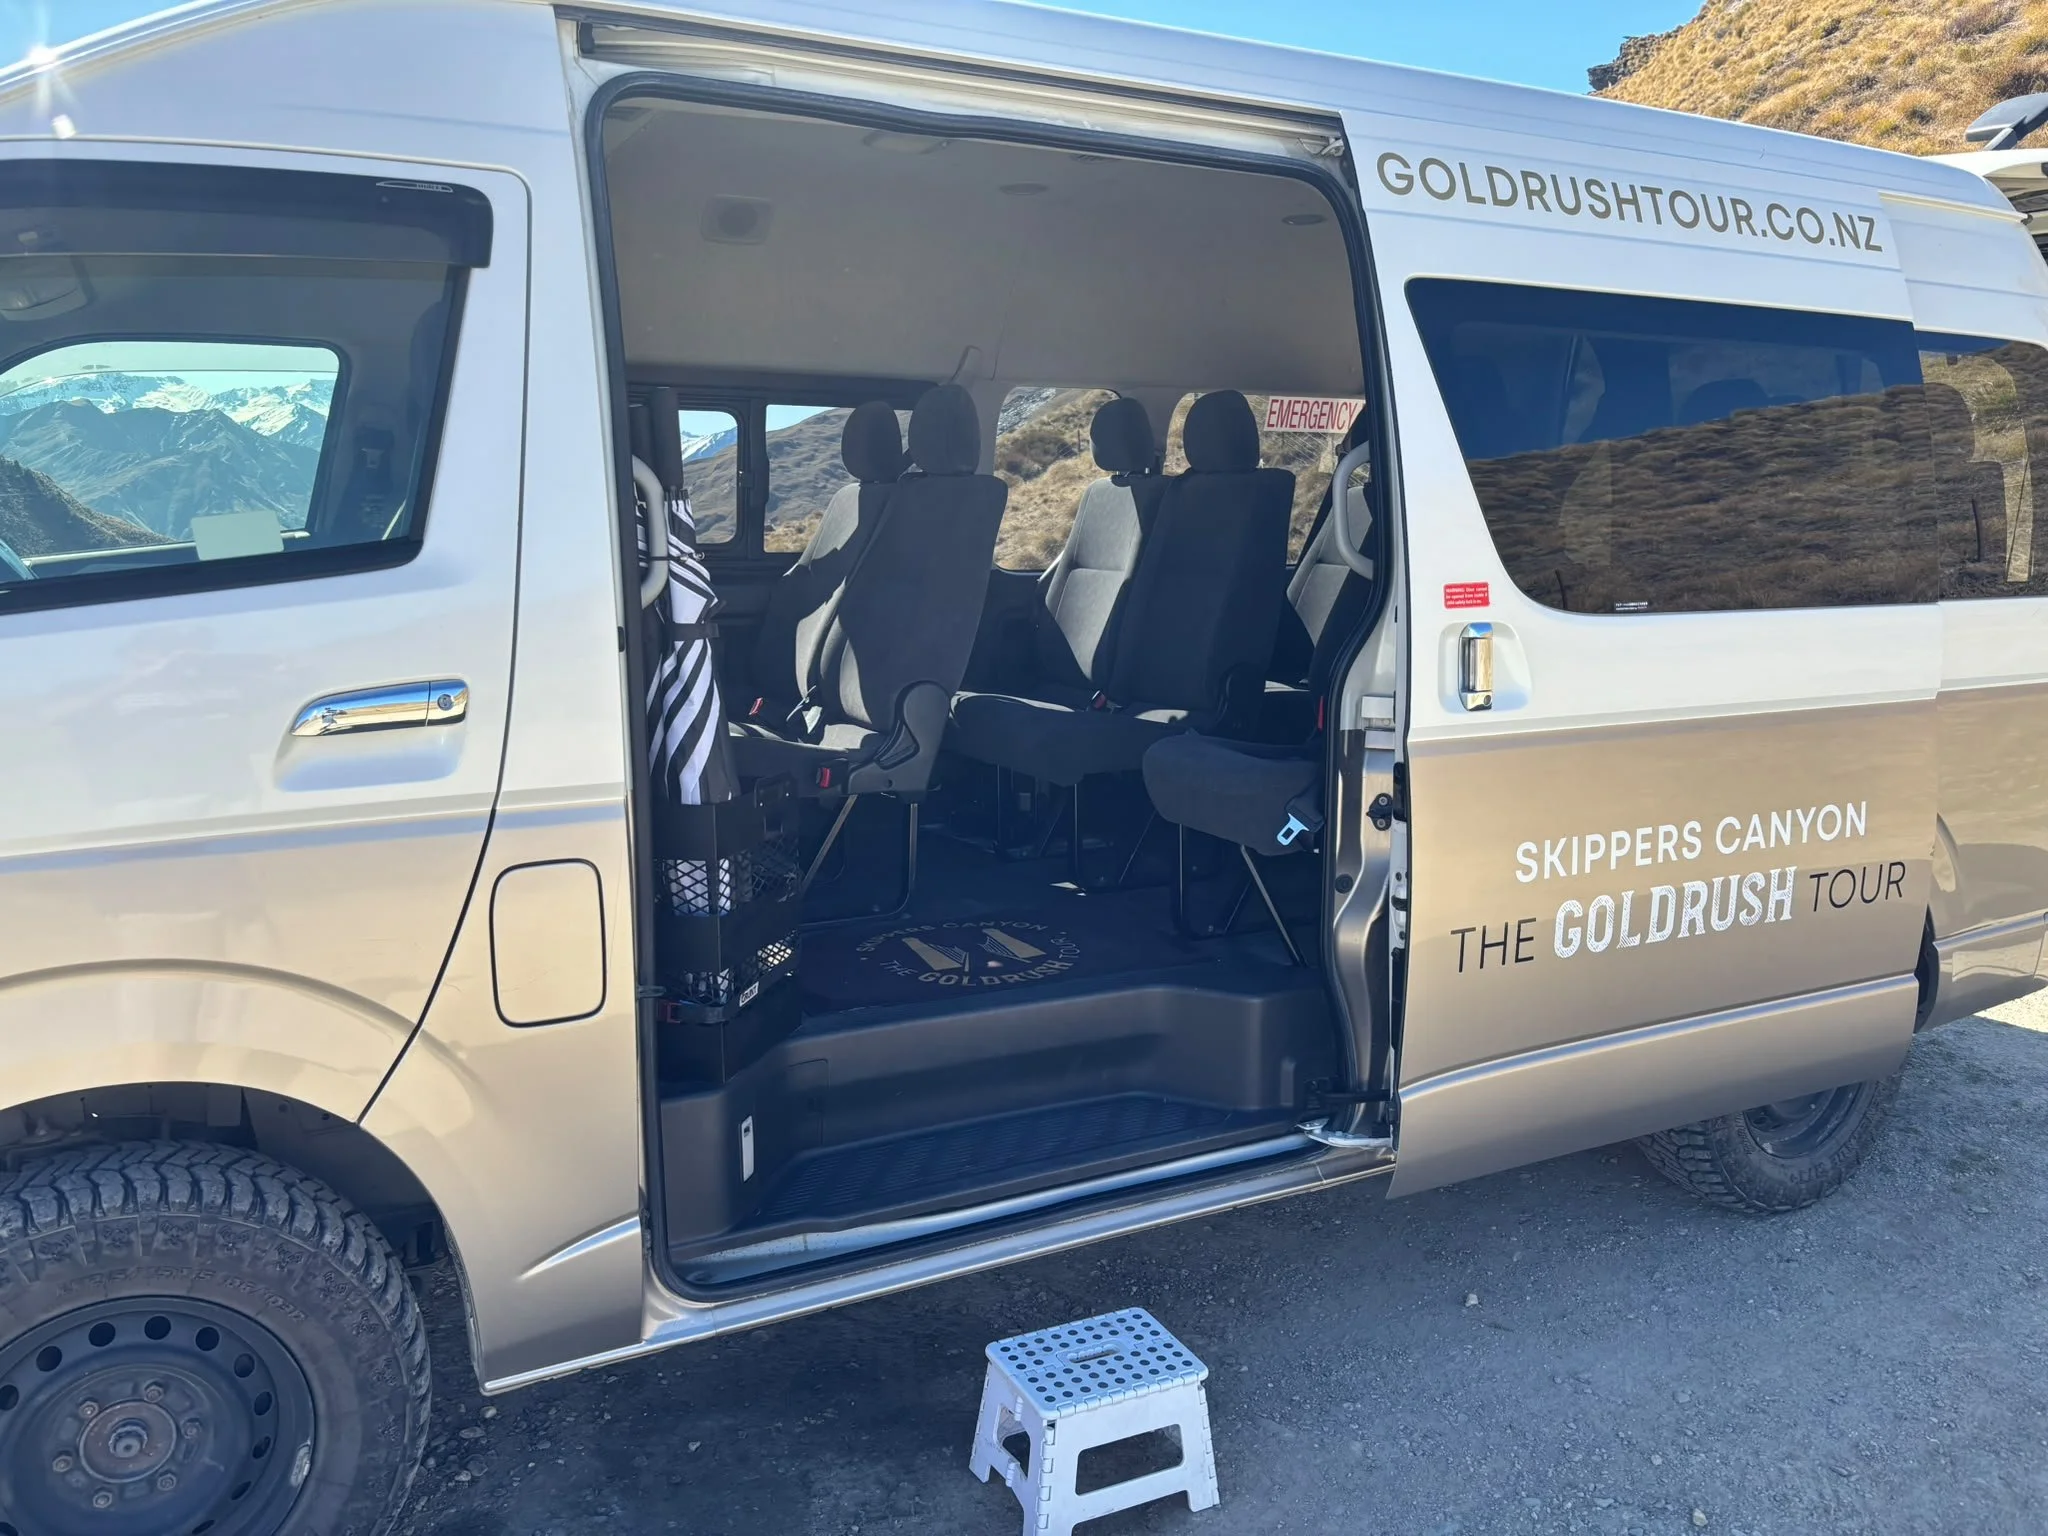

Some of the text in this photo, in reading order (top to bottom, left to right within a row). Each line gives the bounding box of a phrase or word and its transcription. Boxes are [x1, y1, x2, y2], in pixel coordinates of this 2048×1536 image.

[1377, 152, 1883, 252] GOLDRUSHTOUR.CO.NZ
[1267, 399, 1358, 430] EMERGENCY
[1516, 801, 1867, 882] SKIPPERS CANYON
[943, 921, 1048, 931] CANYON
[1451, 861, 1906, 973] THE GOLDRUSH TOUR
[880, 960, 919, 976] THE
[918, 960, 1074, 986] GOLDRUSH

::::

_About this task_. In copying the listing, reproduce each line exactly and omit the pictures.

_Problem solution_.
Some of the text in this photo, in reading order (top to bottom, left to right within a row). Each line gives the bounding box of a phrase or word and its transcription. Boxes are [x1, y1, x2, y2], in pixel coordinates of this 2048×1536 image.

[1377, 152, 1883, 252] GOLDRUSHTOUR.CO.NZ
[1267, 399, 1358, 430] EMERGENCY
[1516, 801, 1867, 882] SKIPPERS CANYON
[943, 921, 1048, 931] CANYON
[1451, 861, 1906, 973] THE GOLDRUSH TOUR
[880, 960, 919, 976] THE
[918, 960, 1074, 986] GOLDRUSH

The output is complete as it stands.